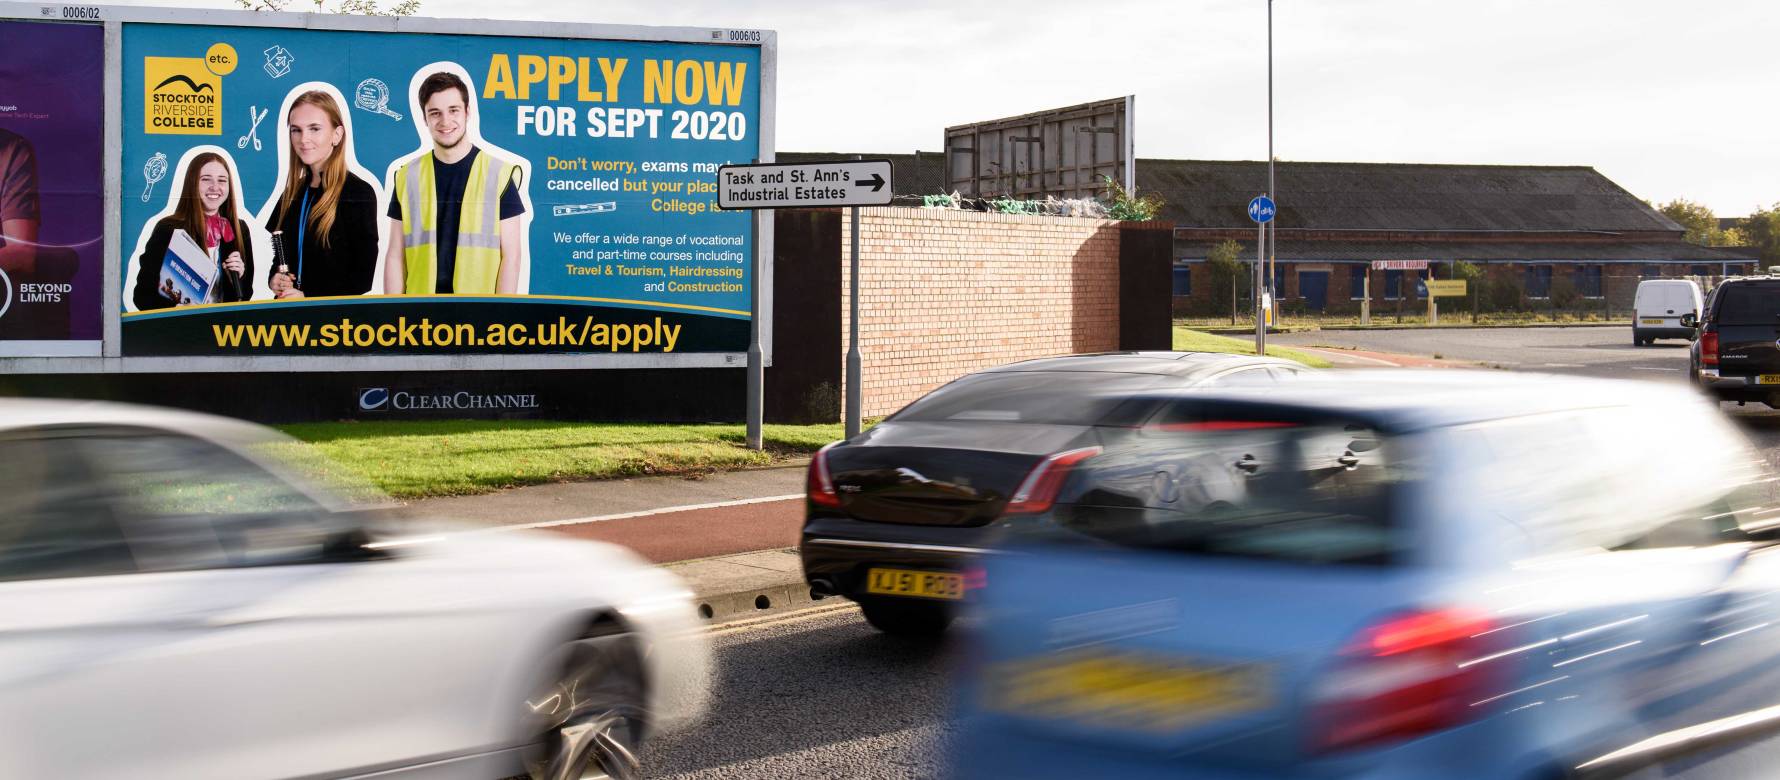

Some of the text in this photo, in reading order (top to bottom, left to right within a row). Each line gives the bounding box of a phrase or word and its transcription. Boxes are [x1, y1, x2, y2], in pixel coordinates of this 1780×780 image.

[63, 6, 100, 19] 0006/02
[730, 30, 761, 42] 0006/03
[209, 54, 231, 64] etc.
[482, 53, 748, 107] APPLY NOW
[153, 93, 214, 104] STOCKTON
[153, 104, 214, 117] RIVERSIDE
[153, 117, 214, 128] COLLEGE
[517, 105, 747, 141] FOR SEPT 2020
[547, 156, 588, 171] Don't
[591, 161, 638, 174] worry,
[641, 161, 689, 172] exams
[725, 168, 850, 185] Task and St. Ann's
[547, 178, 619, 191] cancelled
[623, 179, 648, 192] but
[651, 182, 684, 194] your
[728, 186, 846, 202] Industrial Estates
[651, 198, 706, 215] College
[553, 232, 744, 247] We offer a wide range of vocational
[572, 249, 744, 263] and part-time courses including
[566, 264, 743, 278] Travel & Tourism, Hairdressing
[20, 283, 73, 293] BEYOND
[644, 281, 743, 292] and Construction
[20, 293, 62, 302] LIMITS
[212, 316, 682, 352] www.stockton.ac.uk/apply

========

▶ What you need to do
Your copy should match every record exactly and contain no pictures.

▶ Written solution
Some of the text in this photo, in reading order (top to bottom, left to right within a row). Each line gives the bounding box of a phrase or word and its transcription. Boxes are [x1, y1, x2, y2], in pixel coordinates of this 1780×780 image.

[63, 6, 100, 19] 0006/02
[730, 30, 761, 42] 0006/03
[209, 54, 231, 64] etc.
[482, 53, 748, 107] APPLY NOW
[153, 93, 214, 104] STOCKTON
[153, 104, 214, 117] RIVERSIDE
[153, 117, 214, 128] COLLEGE
[517, 105, 747, 141] FOR SEPT 2020
[547, 156, 588, 171] Don't
[591, 161, 638, 174] worry,
[641, 161, 689, 172] exams
[725, 168, 850, 185] Task and St. Ann's
[547, 178, 619, 191] cancelled
[623, 179, 648, 192] but
[651, 182, 684, 194] your
[728, 186, 846, 202] Industrial Estates
[651, 198, 706, 215] College
[553, 232, 744, 247] We offer a wide range of vocational
[572, 249, 744, 263] and part-time courses including
[566, 264, 743, 278] Travel & Tourism, Hairdressing
[20, 283, 73, 293] BEYOND
[644, 281, 743, 292] and Construction
[20, 293, 62, 302] LIMITS
[212, 316, 682, 352] www.stockton.ac.uk/apply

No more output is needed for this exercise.